I have to assume that the stereoscopic 3D works well in this game, because at times I had some trouble to figure what height I am looking at. Depth perception being thrown off is something that occurs in 3DS games that are deliberately programmed to look good in 3D. I don't use 3D, because I don't want to suffer (no good experiences in the past). Speaking of graphics, ALBW has some framerate issues, most commonly when morphing into a picture in more detailed scenery.
What I liked
The pacing of the game (aside from the slow start) is very good. Almost all the time you get to do what you want instead of being forced into a story. The game has significantly more warp points than ALttP, plus the bell (ocarina replacement) is handed to you early. A necessary decision due to the item renting system. Don't have the correct item with you when getting to a dungeon? Not a problem, activate the warp/save point near the dungeon, warp to the shop, get the item and warp back. Although renting is actually so cheap that by the time I got the option to rent, I could rent them all. The drawback of renting is that all items will be taken away from you in case you die, although money isn't an issue as there are plenty of sources. After a certain point in the game you can buy the items for quite a hefty price; not only does it allow you to keep them forever, but they also become eligible for upgrades which are tied to a major sidequest.
The upgrade system works. Whereas in Skyward it was a bust because you had to collect a lot of random things and the upgrades were basically worthless, things are different in ALBW. The aforementioned sidequest is a variation of the Skulltulla concept and for every ten you can upgrade an item of your choice. Not only is it fun to do the collecting, but many of the upgrades prove to be useful, particularly the fire and ice staves. The final reward for the sidequest isn't anything special, but at least it isn't a complete letdown like in Ocarina of Time, Twilight Princess and Skyward Sword.
There are quite a few minigames and they are all fun in their own ways. This adds to the package of a motivating main quest that is coupled with worthwhile sidequests. The game might only be around 15 hours long (if you bother to explore the entire world), but there is no filler. This is high quality entertainment. There's no part that drags on, there's no part that is annoying. The picture mechanic is seamlessly integrated, it doesn't slow the game down at all. Even the obligatory stealth section is now fun to play because of that. The game may lack in difficulty, but I gladly take a relatively easy game over a more challenging title that regularly throws bullshit at you. ALBW also has a good soundtrack, but most of it consists of remixes of ALttP music.
The button mapping makes sense with two buttons that can be assigned with items, one permanently assigned to the shield and another one for the pegasus boots. The overworld map allows you to use up to 20 markers, so you don't have to remember where an unreachable heart piece or the like was.
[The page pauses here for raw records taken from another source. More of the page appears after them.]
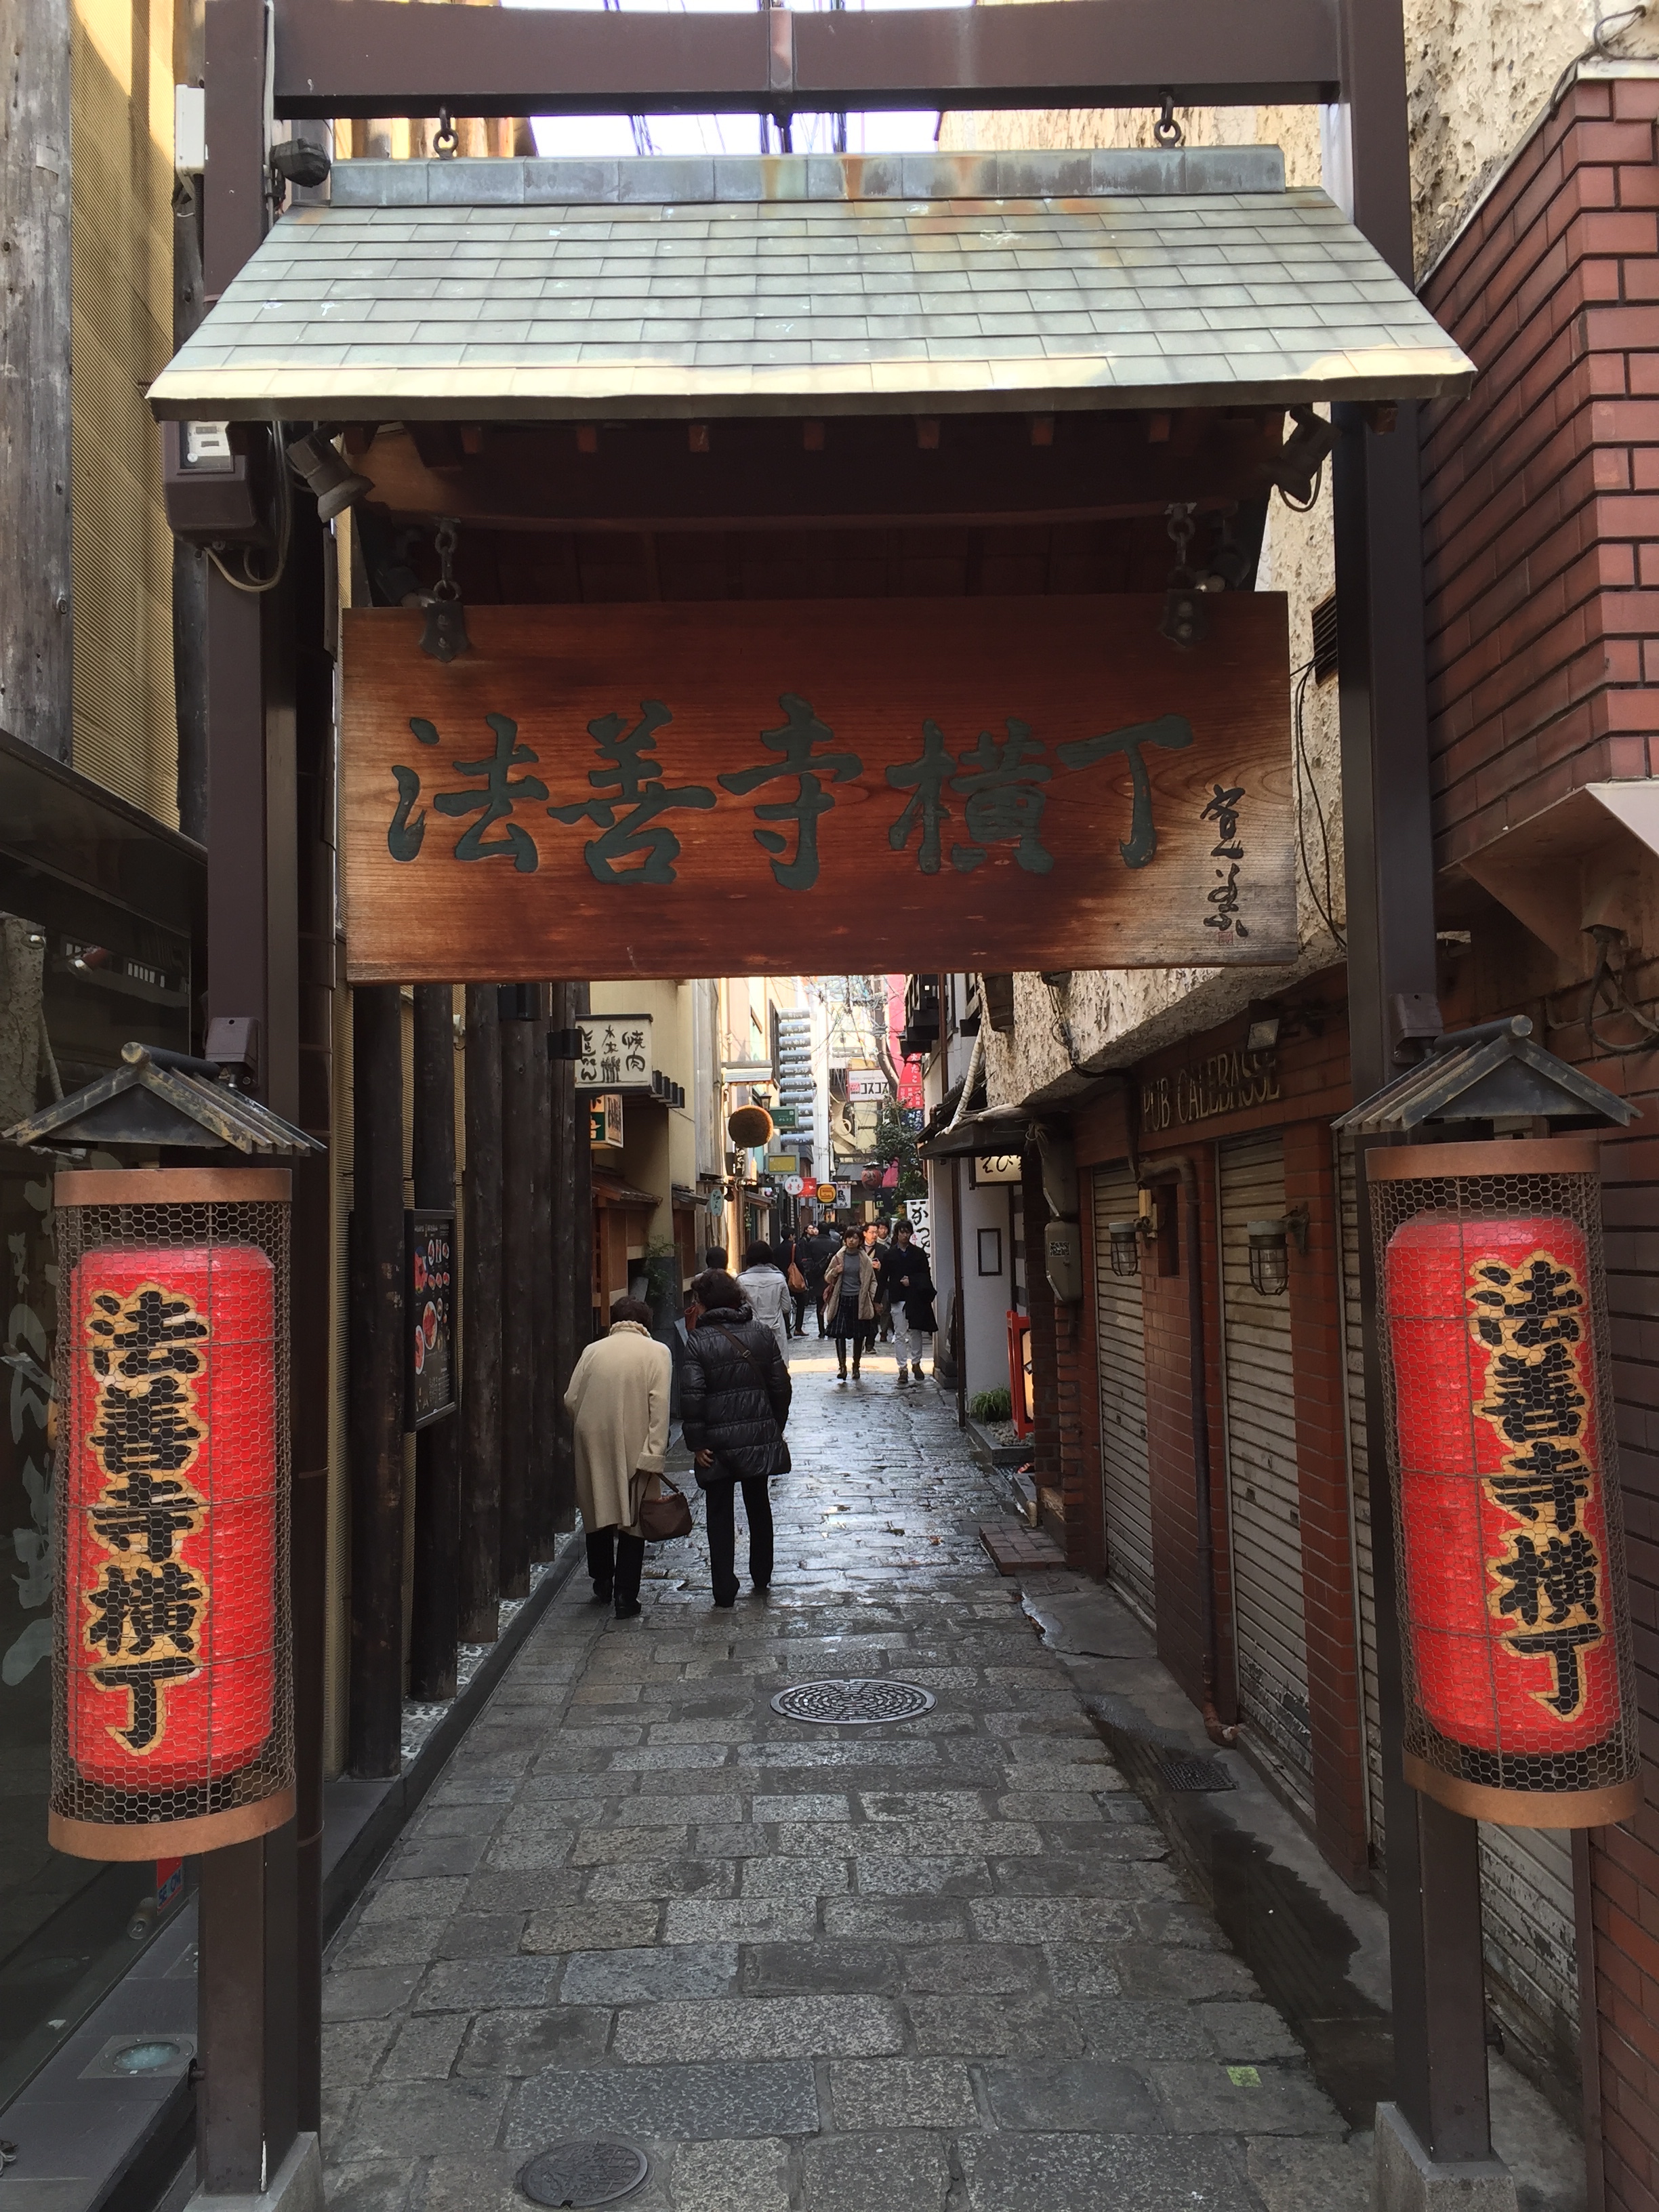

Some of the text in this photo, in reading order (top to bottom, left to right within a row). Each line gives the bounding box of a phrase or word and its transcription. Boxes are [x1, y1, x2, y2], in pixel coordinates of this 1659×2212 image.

[386, 693, 1195, 891] 法善寺横丁
[861, 1082, 889, 1096] コスコス
[1143, 1076, 1170, 1132] PUB
[85, 1287, 210, 1753] 法善寺横丁
[1469, 1258, 1603, 1718] 法善寺横丁
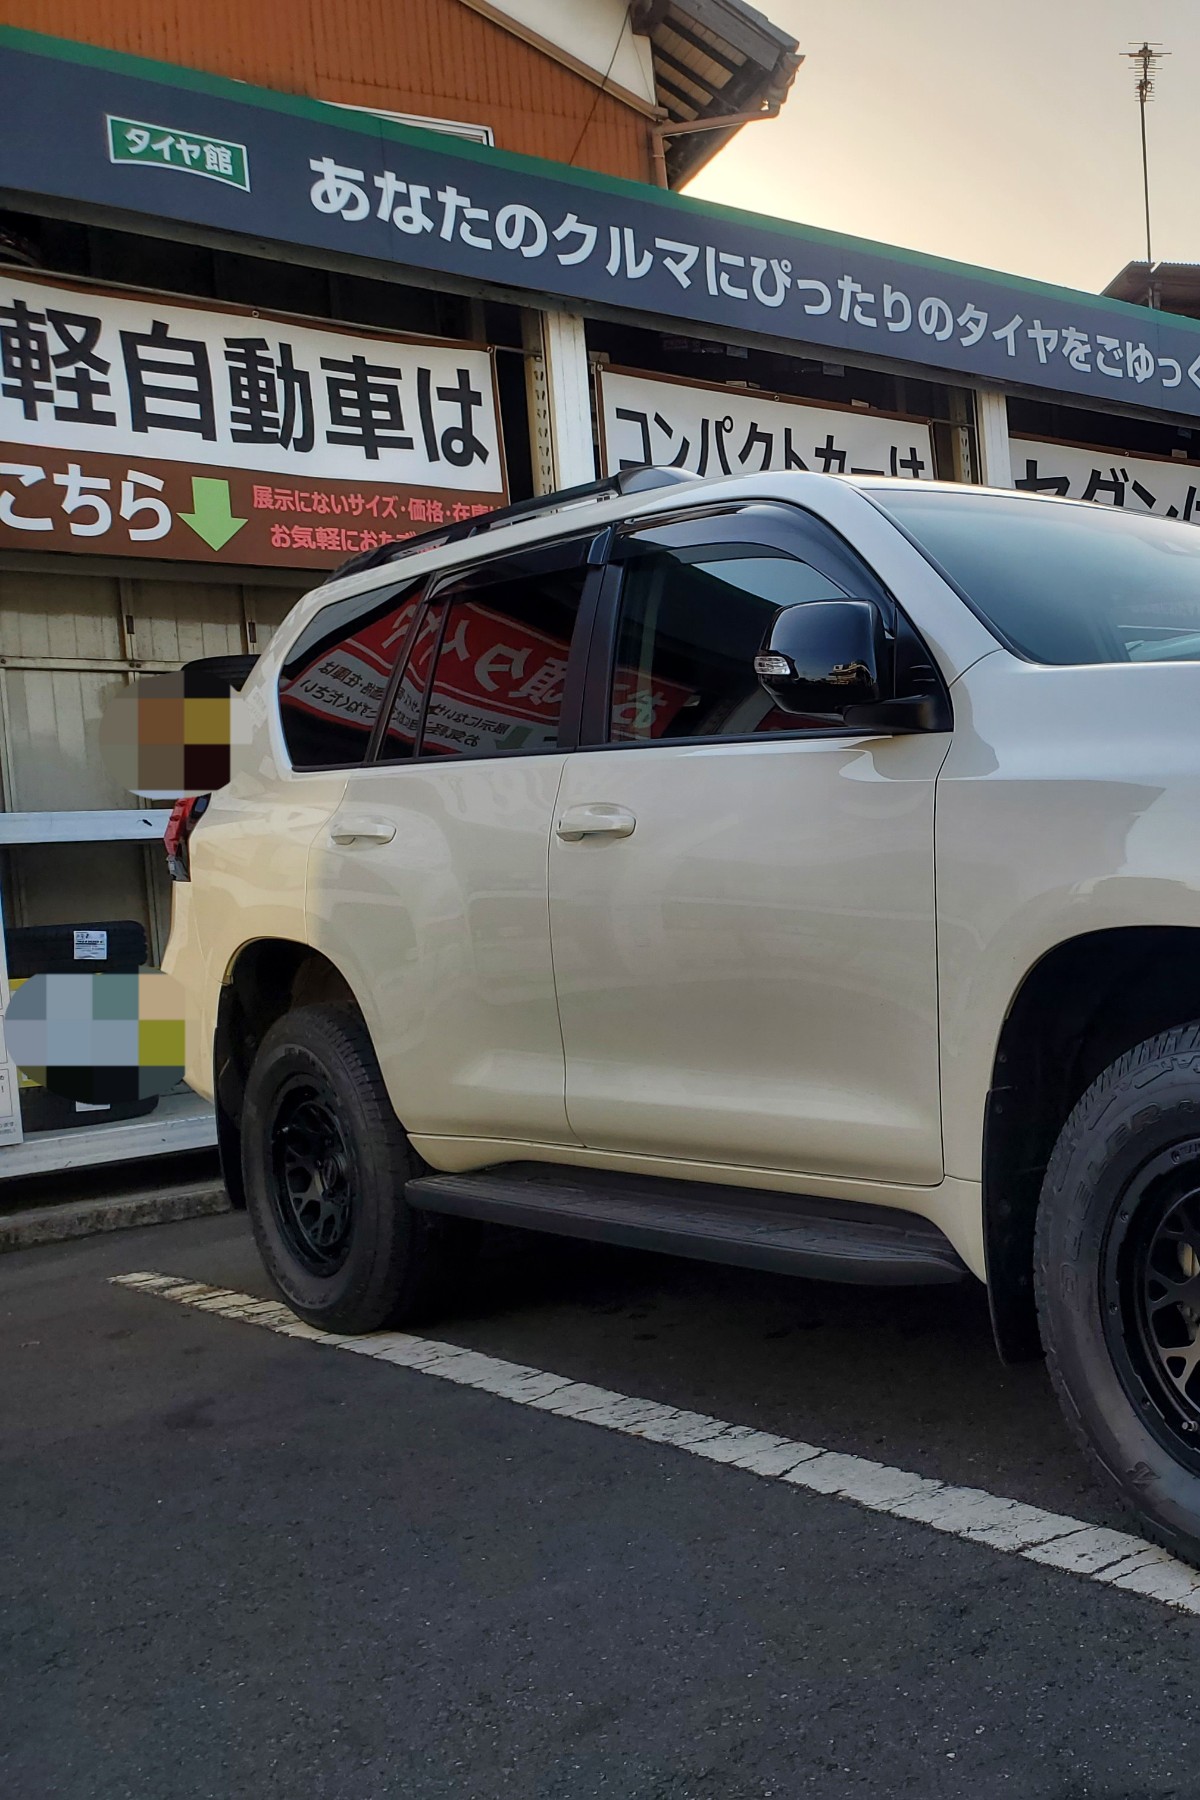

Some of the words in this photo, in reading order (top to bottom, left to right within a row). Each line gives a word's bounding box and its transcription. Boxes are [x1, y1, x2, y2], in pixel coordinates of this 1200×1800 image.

You can also customize a quick select function for your items, so that you don't have to pause the game everytime you want to switch items. And the bell has its own button on the touchscreen, making quick travel comfortable.
Final Score: 8.6/10
A Link Between Worlds isn't quite the Zelda game that I wanted, but instead of whining what I didn't get, I am happy for what it isn't: Another DS Zelda game. My biggest complaints are the low difficulty and a recycled overworld, but at least the former shouldn't be an issue for many gamers. This is a Zelda game that cuts most of the nonsense that has infested the series and moves the formula back to what it originally was: A highly motivating action-adventure that allows you to experiment with the weapons at your disposal. It's not as great as A Link to the Past, but then again, how many games are? A Link Between Worlds has secured its spot as a must-own for the Nintendo 3DS.